• **Exercise aim**:
When you reach the line below that has "this 1280×1080 image.", start returning lines exactly, and stop after the line that has "this 1920×1440 image."; skip the pictures.

• **Exercise materials**:
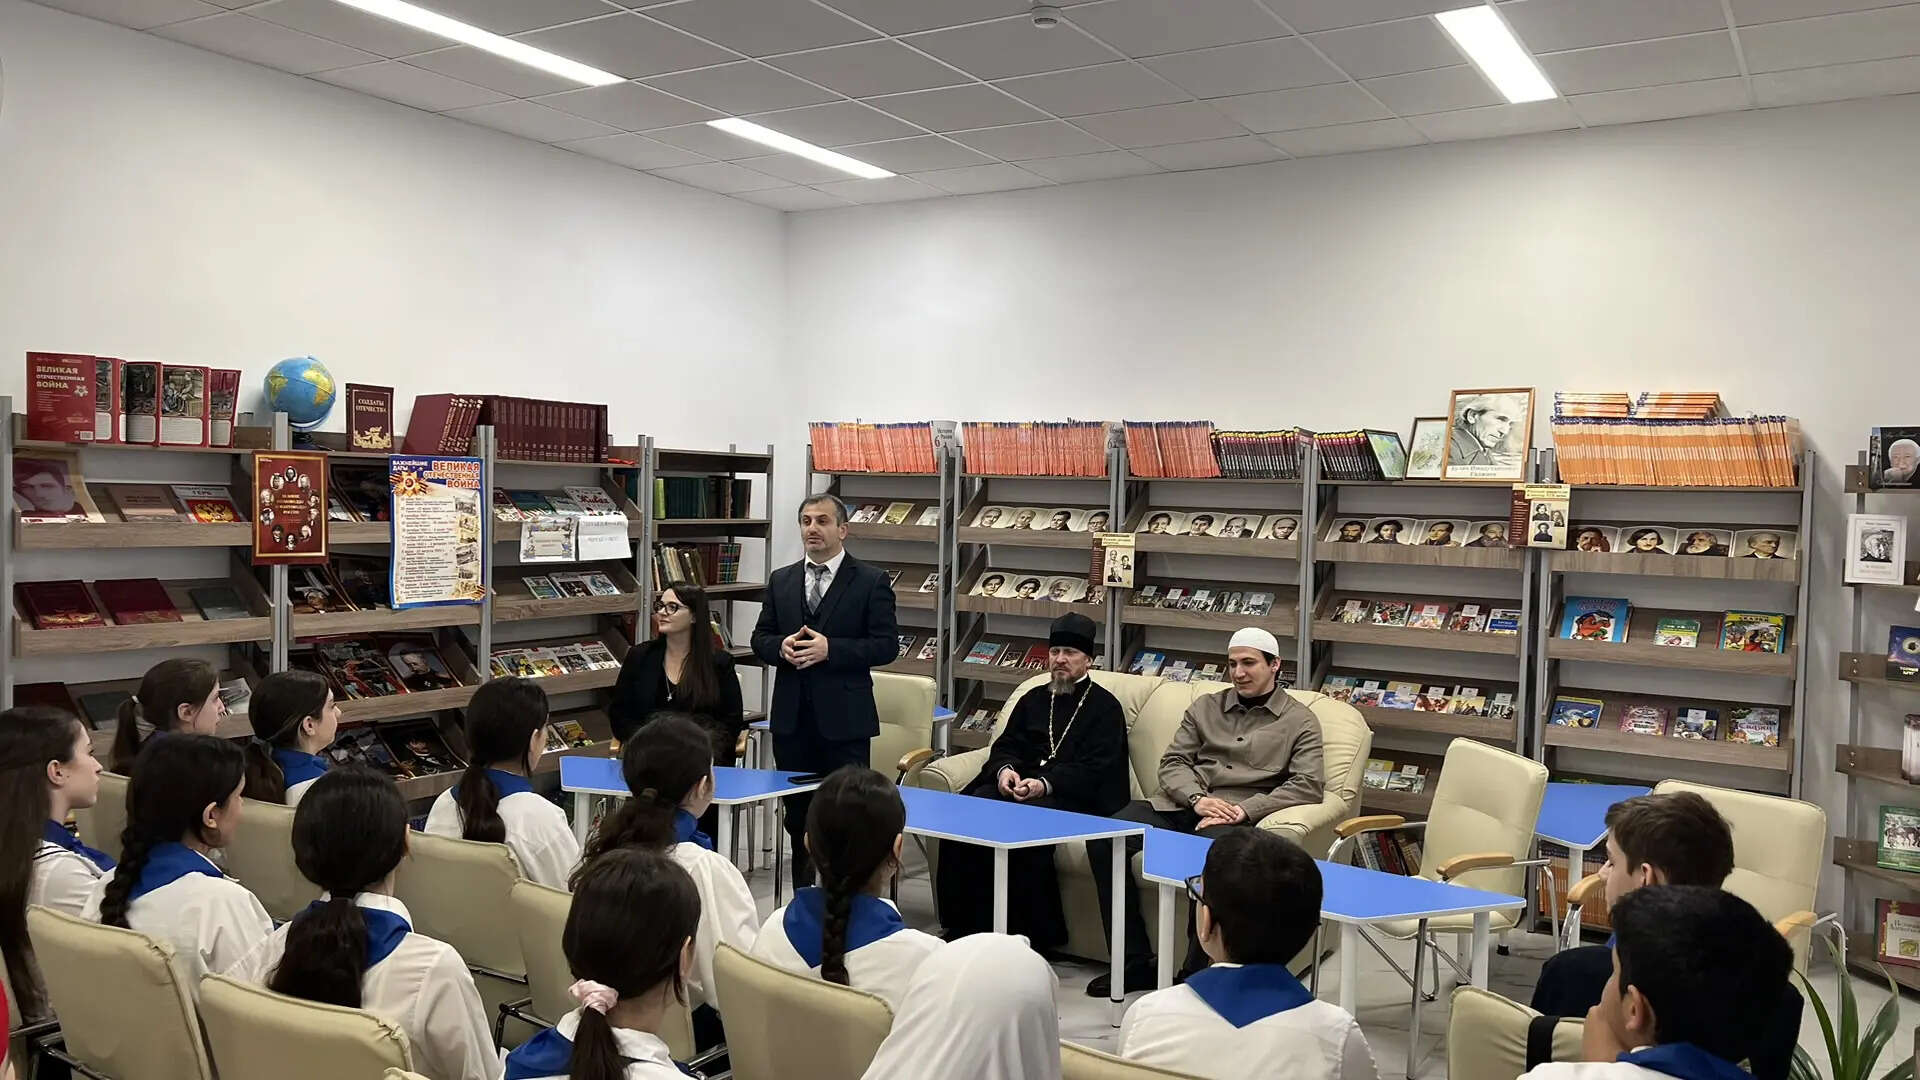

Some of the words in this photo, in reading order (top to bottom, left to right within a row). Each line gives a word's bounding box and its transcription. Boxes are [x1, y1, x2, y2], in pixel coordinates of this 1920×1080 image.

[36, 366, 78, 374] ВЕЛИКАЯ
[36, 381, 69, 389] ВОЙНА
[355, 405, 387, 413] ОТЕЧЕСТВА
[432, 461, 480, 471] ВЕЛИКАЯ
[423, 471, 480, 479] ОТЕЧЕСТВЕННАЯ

==

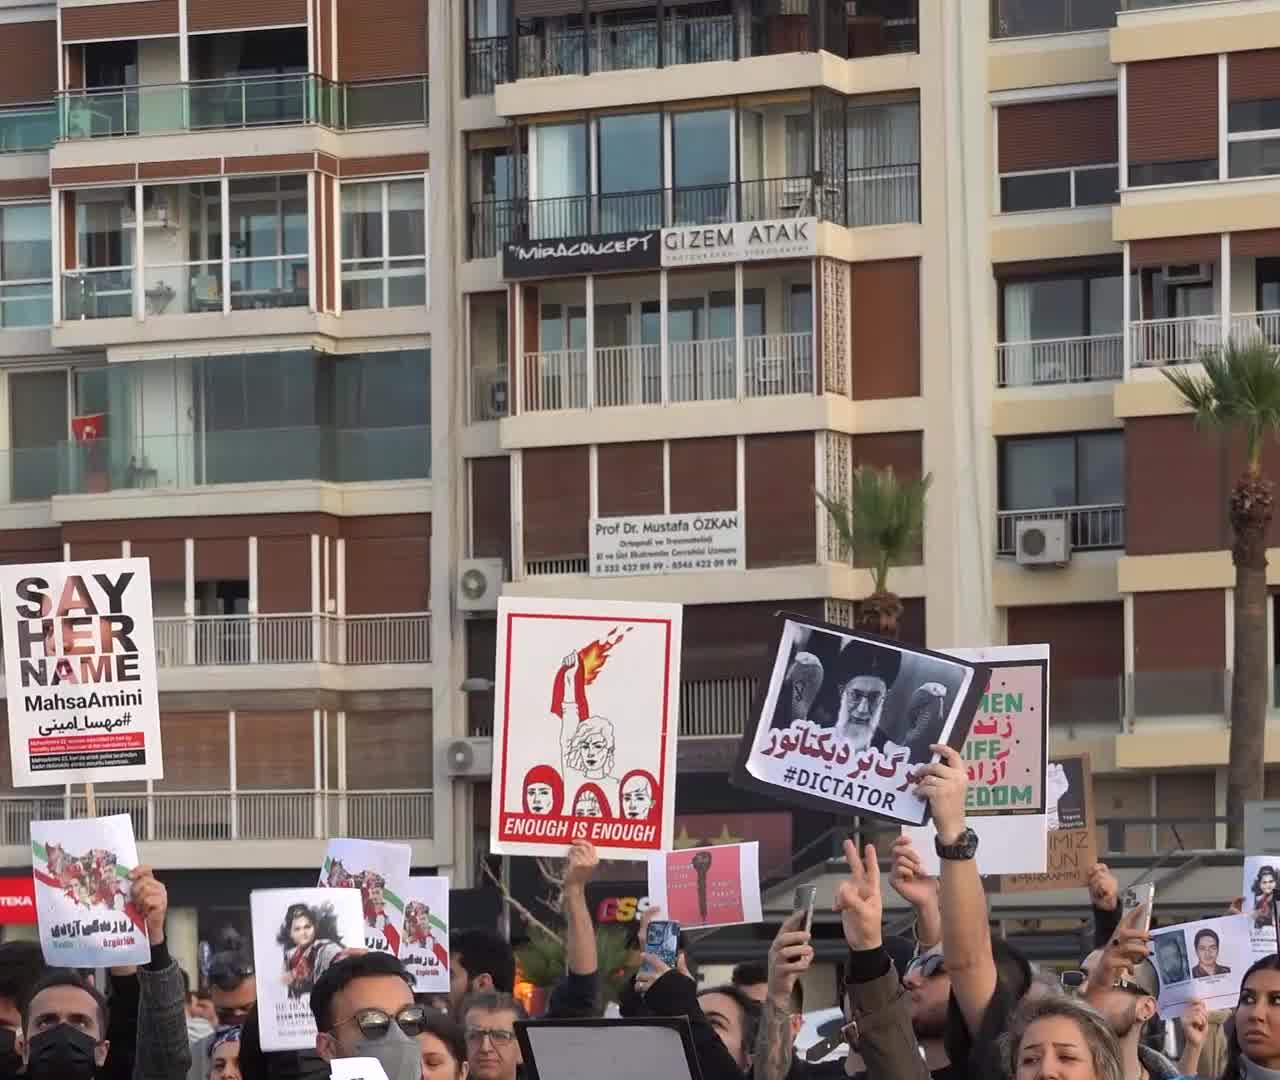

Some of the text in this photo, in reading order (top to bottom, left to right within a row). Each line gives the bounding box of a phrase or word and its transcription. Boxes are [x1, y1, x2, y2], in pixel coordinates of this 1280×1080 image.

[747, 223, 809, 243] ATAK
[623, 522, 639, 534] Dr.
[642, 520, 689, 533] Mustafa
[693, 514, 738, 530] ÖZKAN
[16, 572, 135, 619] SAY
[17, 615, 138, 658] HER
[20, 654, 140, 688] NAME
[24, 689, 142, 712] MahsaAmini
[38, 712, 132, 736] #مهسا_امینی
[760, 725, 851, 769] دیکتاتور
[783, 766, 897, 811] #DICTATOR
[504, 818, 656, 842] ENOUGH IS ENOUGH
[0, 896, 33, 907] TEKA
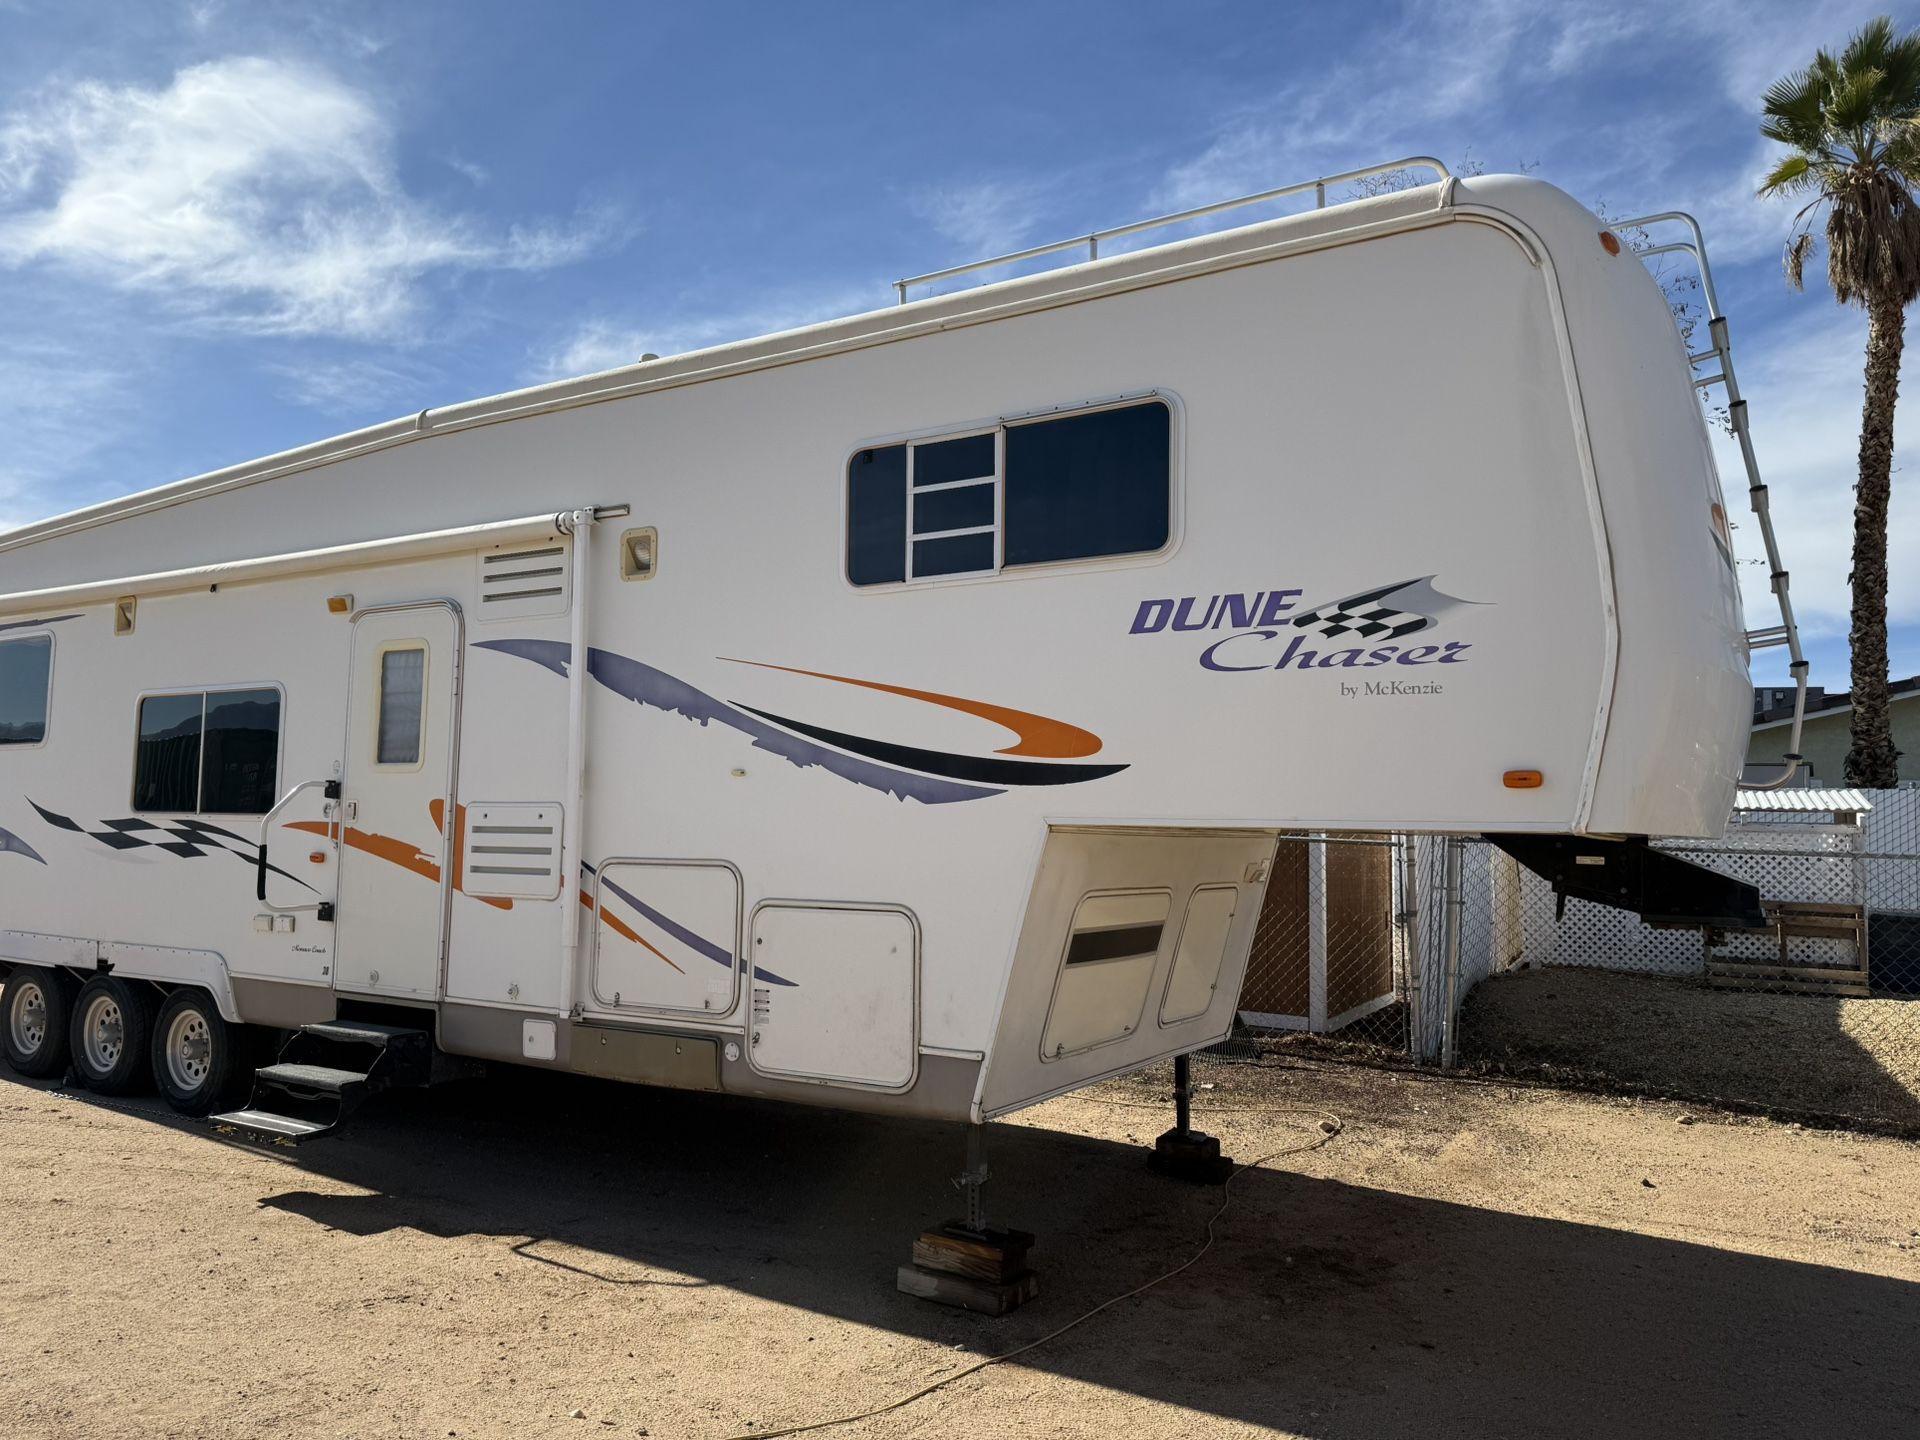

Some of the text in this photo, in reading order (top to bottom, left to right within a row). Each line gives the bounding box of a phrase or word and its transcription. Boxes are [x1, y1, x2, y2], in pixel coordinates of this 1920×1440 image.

• **Your response**:
Some of the text in this photo, in reading order (top to bottom, left to right within a row). Each line gives the bounding box of a phrase or word and its transcription. Boxes are [x1, y1, x2, y2], in pixel coordinates of this 1280×1080 image.

[747, 223, 809, 243] ATAK
[623, 522, 639, 534] Dr.
[642, 520, 689, 533] Mustafa
[693, 514, 738, 530] ÖZKAN
[16, 572, 135, 619] SAY
[17, 615, 138, 658] HER
[20, 654, 140, 688] NAME
[24, 689, 142, 712] MahsaAmini
[38, 712, 132, 736] #مهسا_امینی
[760, 725, 851, 769] دیکتاتور
[783, 766, 897, 811] #DICTATOR
[504, 818, 656, 842] ENOUGH IS ENOUGH
[0, 896, 33, 907] TEKA

Some of the text in this photo, in reading order (top to bottom, left to right within a row). Each line gives the bounding box of a phrase or word and its transcription. Boxes are [x1, y1, x2, y2], in pixel coordinates of this 1920×1440 image.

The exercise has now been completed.